Giudice archivia il biotestamento: «Libera di non curarsi»

«Caro giudice, mi lasci morire in pace. E quando io non sarò più capace di intendere e di volere, lasci che sia mio marito a decidere di staccare la spina». Una trevigiana di 48 anni, che soffre di una grave patologia degenerativa, ha inoltrato questa richiesta, qualcuno l’ha addirittura definita preghiera, al giudice Clarice Di Tullio. Il quale, proprio mentre in parlamento si stanno delineando gli ultimi dettagli della legge sul biotestamento, ha pensato bene di firmare il decreto che autorizza preventivamente il marito, nominato giuridicamente amministratore di sostegno, a rifiutare le cure che i medici ritenessero necessarie per salvare la vita alla donna. La decisione del magistrato di Treviso, ovviamente, ha scatenato un vespaio di polemiche. Non foss’altro per il fatto che alla Camera la nuova legge in discussione sembra andare nella direzione opposta, ammettendo sì le indicazioni degli interessati in materia di accanimento terapeutico ma affidando al medico curante la gestione del processo di cura. «Attraverso il provvedimento del giudice - ha infatti commentato il ministro Sacconi, peraltro anch’egli trevigiano - si vorrebbe, quanto meno oggettivamente, concorrere ad introdurre il suicidio assistito e programmato, che il nostro ordinamento non consente».
I casi Welby ed Englaro hanno lasciato il segno nel dibattito politico italiano. Il mix complicato di religione, etica, politica, giustizia ha finito col dividere il paese.

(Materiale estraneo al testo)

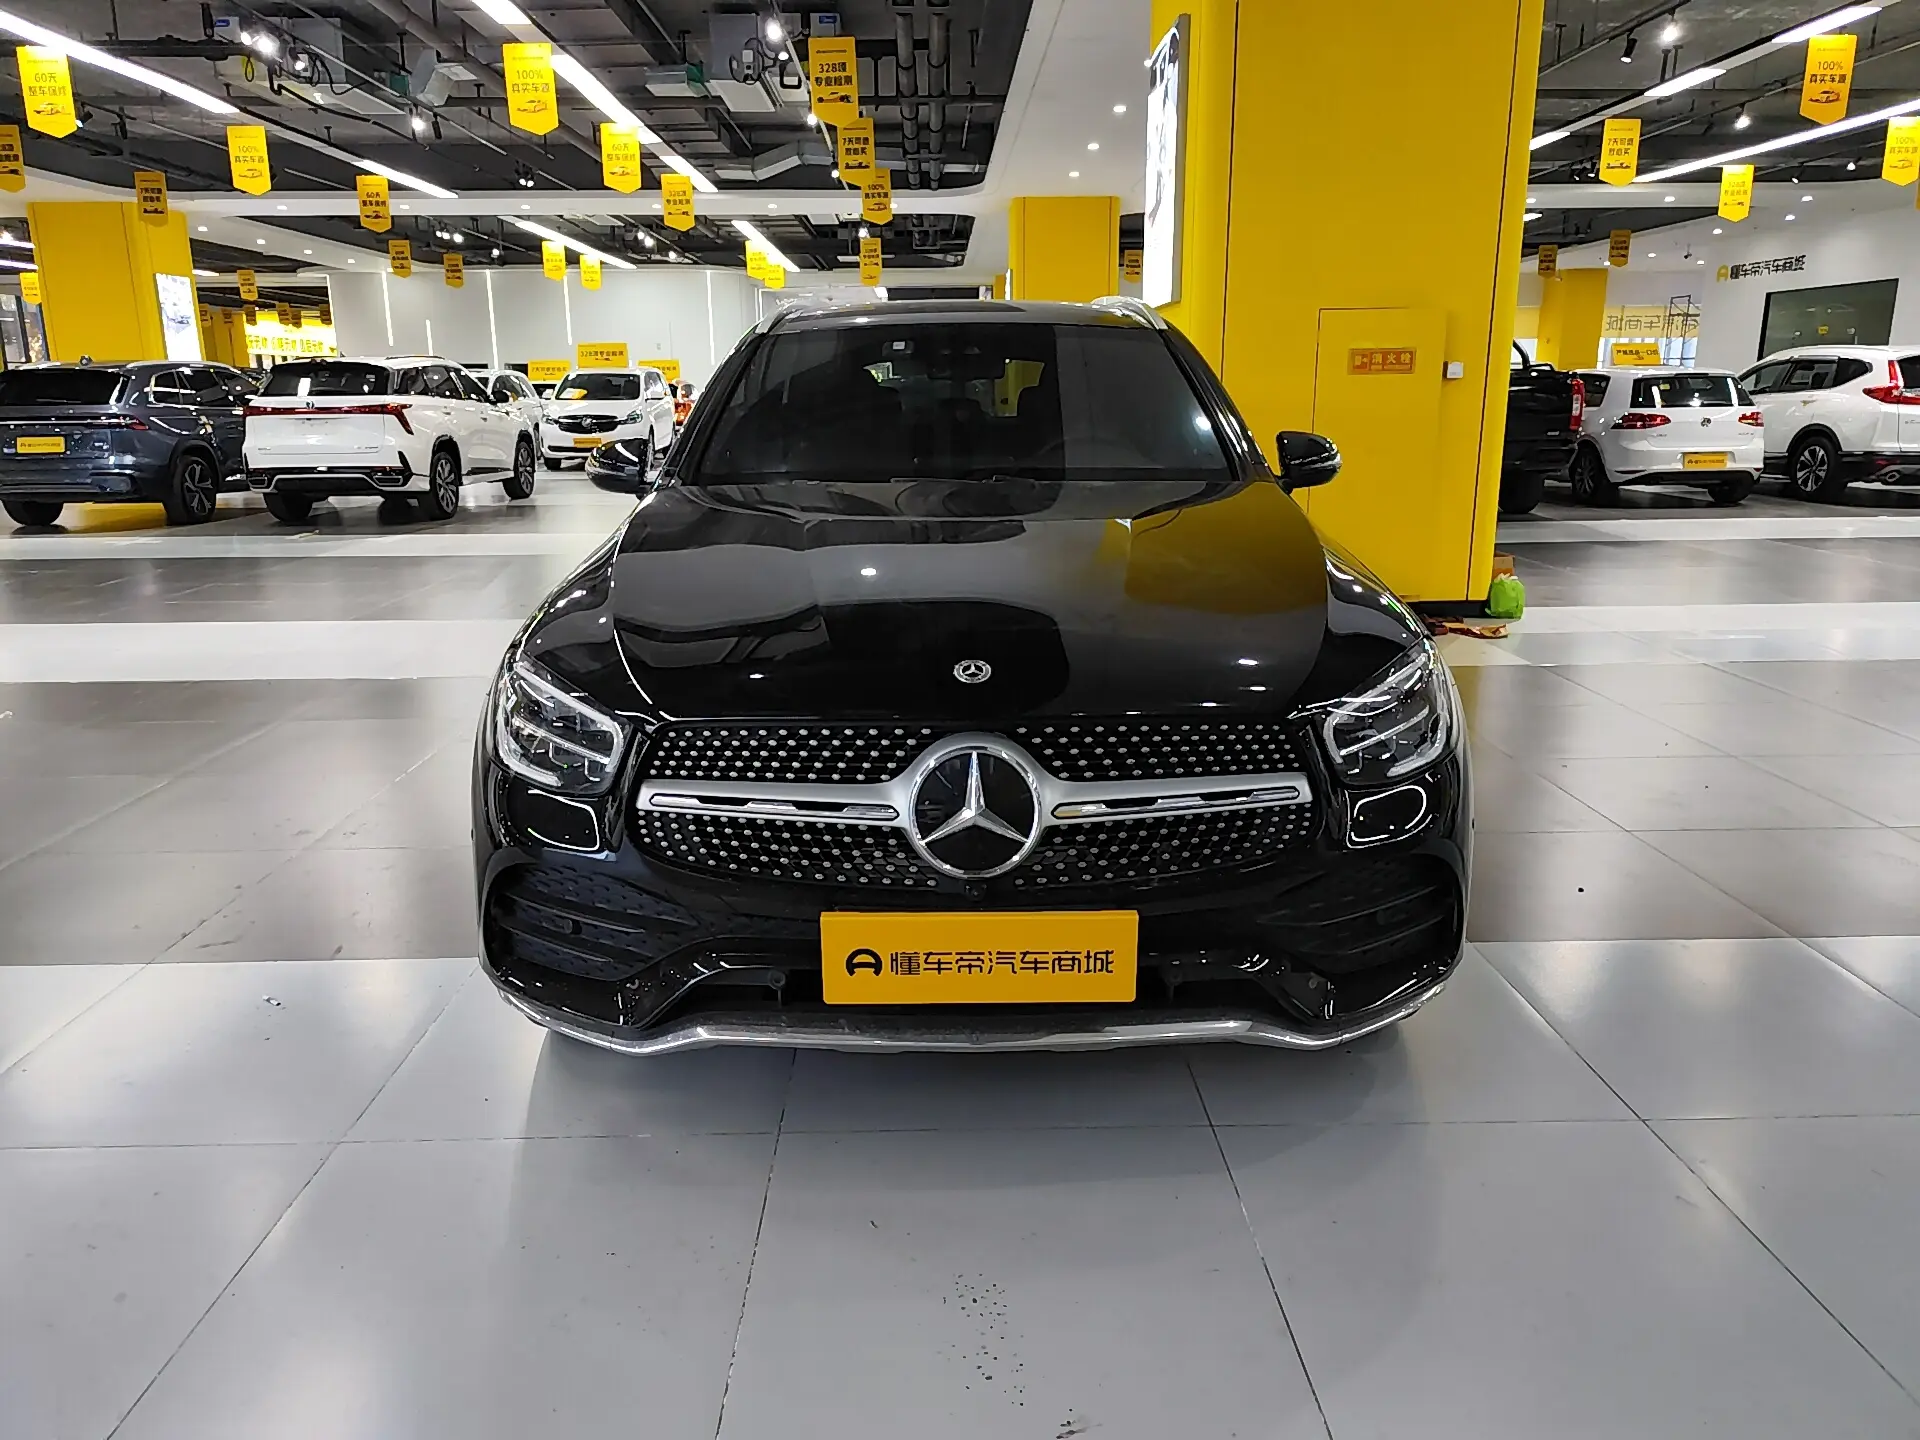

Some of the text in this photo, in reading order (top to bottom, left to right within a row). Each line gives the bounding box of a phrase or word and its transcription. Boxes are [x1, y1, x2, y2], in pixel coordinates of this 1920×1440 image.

Il caso della signora trevigiana è finito nell’agenda del giudice all’inizio di quest’anno, quando all’ospedale di Treviso sembrava non ci fosse più nulla da fare. I medici avevano ritenuto necessario, secondo Il Gazzettino, operare una trasfusione e una tracheostomia per garantire la respirazione diventata molto problematica. È stato in quel momento che, partendo da obiezioni di tipo religioso (la paziente è testimone di Geova), la 48enne ha opposto un netto rifiuto.

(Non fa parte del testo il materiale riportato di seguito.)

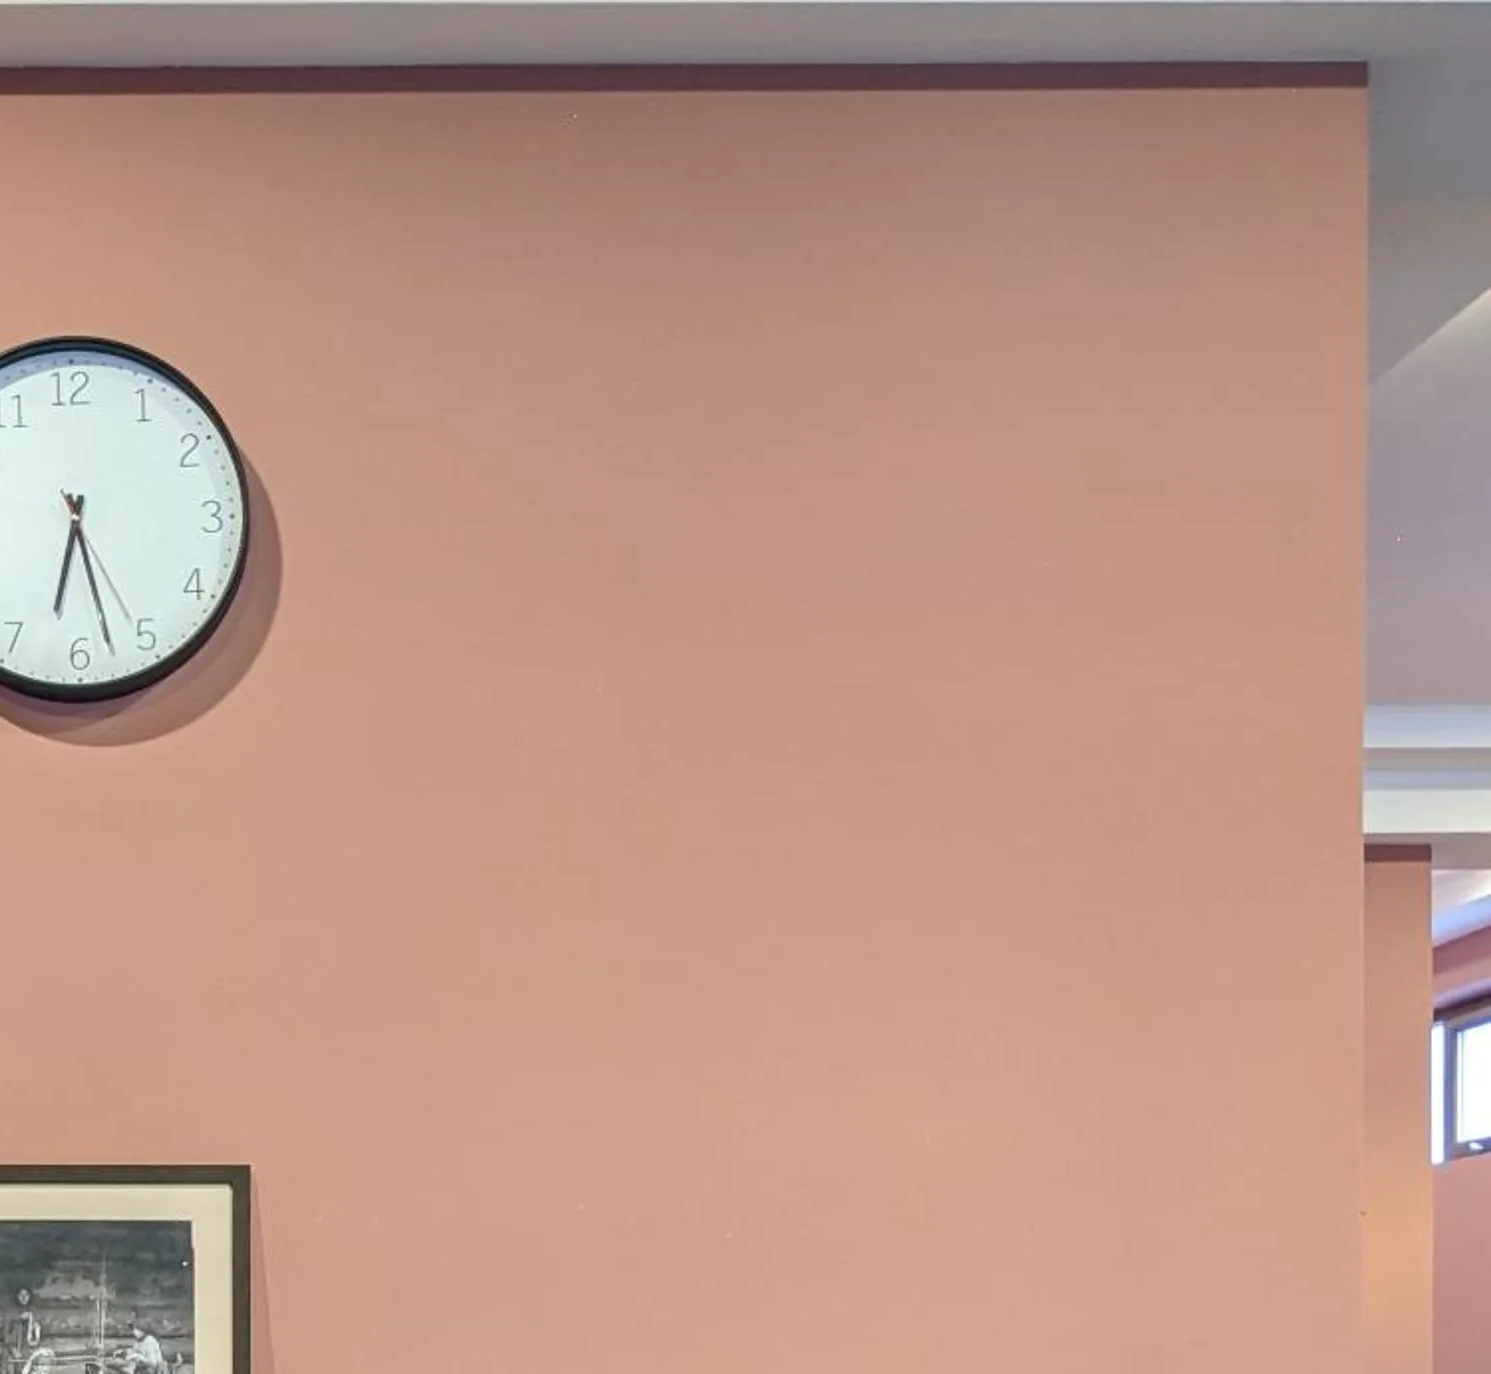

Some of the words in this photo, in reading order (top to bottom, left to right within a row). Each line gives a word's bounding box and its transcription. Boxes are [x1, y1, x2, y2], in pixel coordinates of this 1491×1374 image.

Fortunatamente la donna è poi riuscita a riprendersi, tanto da poter tornare a casa e vivere normalmente. Almeno fino ad ora. Tuttavia, conscia della gravità della malattia e consapevole che la situazione estrema si sarebbe potuta ripetere magari senza la possibilità di poter decidere per sè, la signora ha chiesto al giudice di poter nominare il marito quale unica persona autorizzata a opporre un eventuale rifiuto alle cure. Il giudice tutelare Di Tullio, pur in assenza di un quadro normativo italiano chiaro in materia, ha ritenuto di accogliere questa richiesta.

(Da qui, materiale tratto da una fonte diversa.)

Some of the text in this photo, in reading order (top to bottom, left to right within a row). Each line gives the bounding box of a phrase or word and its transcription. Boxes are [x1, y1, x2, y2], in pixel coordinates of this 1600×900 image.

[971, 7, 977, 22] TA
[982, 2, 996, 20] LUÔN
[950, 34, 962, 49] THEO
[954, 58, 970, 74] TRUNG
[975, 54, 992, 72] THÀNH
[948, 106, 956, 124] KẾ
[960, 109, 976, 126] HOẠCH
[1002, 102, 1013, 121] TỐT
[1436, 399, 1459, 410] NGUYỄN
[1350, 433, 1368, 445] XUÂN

Secondo il magistrato, il codice deontologico dei medici e le norme sovranazionali relative ai diritti dell’uomo e della biomedicina impedirebbero qualsiasi intervento legato alla salute senza consenso dell’interessato. Il «salto» di questo decreto è la delega preventiva al marito, firmata in anticipo e ratificata dal giudice trevigiano.

Di sicuro quel povero marito si augura che non arrivi mai il momento in cui il medico di turno si rivolgerà a lui per chiedere cosa deve fare: se tentare di salvare la moglie o se invece staccare, autorizzato da un decreto, la spina.